Katie Peterson | Staff Writer
All of the fitness facilities on Fort Leavenworth officially closed March 24 because of COVID-19 precautions, but that doesn’t mean that the chance for exercise is gone.
Fort Leavenworth residents are still permitted to exercise outdoors as long as proper social distancing is observed, and research has shown that outdoor exercise is actually better for overall physical and mental health.
“When you are underneath the sun, it regulates your hormones and helps stimulate serotonin levels in your body,” said Karyn Smith, International Science Sports Association certified personal trainer and sports nutritionist. “Your body is always trying its best to create homeostasis, which is pretty much just trying to get your heart rate to be the same, your blood levels to be the same, sugar levels to be the same and, believe it or not, your weight to be the same. …When we’re trying to create homeostasis that’s a healthy body.”
Smith works as a personal trainer at both Gruber Fitness Center and Harney Sports Complex, and leads group fitness classes including indoor cycling, power pump and high-intensity interval training, but she said taking time to exercise outside provides extra benefits that organized inside exercise does not.

“People just being outside puts them in a different, bigger picture that helps them be more appreciative of their natural surroundings.
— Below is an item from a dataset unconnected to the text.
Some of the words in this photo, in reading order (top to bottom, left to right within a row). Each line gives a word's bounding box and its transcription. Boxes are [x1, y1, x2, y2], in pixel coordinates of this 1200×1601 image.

Sometimes it is just remembering that there is beauty beyond the four walls that you’re enclosed in,” Smith said. “Plus, exercising outside has variables that you cannot create inside. Variables are things such as temperature or precipitation.
“Your body needs variables to figure out its surroundings, and it makes you more mentally aware, and it makes you more reactive,” she said. “Our bodies are made to adjust. We’re supposed to go through seasons of change. When you don’t get those seasons of change you will actually continue to decrease hormone stimulation.”
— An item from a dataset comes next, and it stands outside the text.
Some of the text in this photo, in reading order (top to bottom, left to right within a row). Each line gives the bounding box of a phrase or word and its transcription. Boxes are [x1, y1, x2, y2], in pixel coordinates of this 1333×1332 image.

There are several exercises people can do outside, Smith said, including power walks and jogging for cardiovascular health, and body-weight strength exercises like planks, and triceps dips and incline push-ups using a step or bench.
“Just doing these exercises outside stimulates sweat,” Smith said. “Most people are eating a lot of packaged foods right now, so their body is swimming with toxins, but they’re not sweating and releasing the toxins.”
Exercising outside helps with mental well-being, too, Smith said.
“Morning or evening walks create calm and peaceful thoughts,” Smith said. “An evening walk outside helps you balance your mood and morning walks can help energize you to be more motivated.
“I’m passionate about having a spiritual side of your life, so just being aware of things like love and purpose, sometimes when you’re outside you can feel and be more connected to that,” she said.
Post offers several different places for people to get outside, including the parks near the housing communities and the floodplain trails near Sherman Army Airfield.
Neil Bass, Directorate of Public Works natural resources specialist, is currently preparing a grant request to the National Environmental Education Foundation, which, if approved, will allow Bass to incorporate more health and wellness activities around the trail with the help of Smith and other health experts.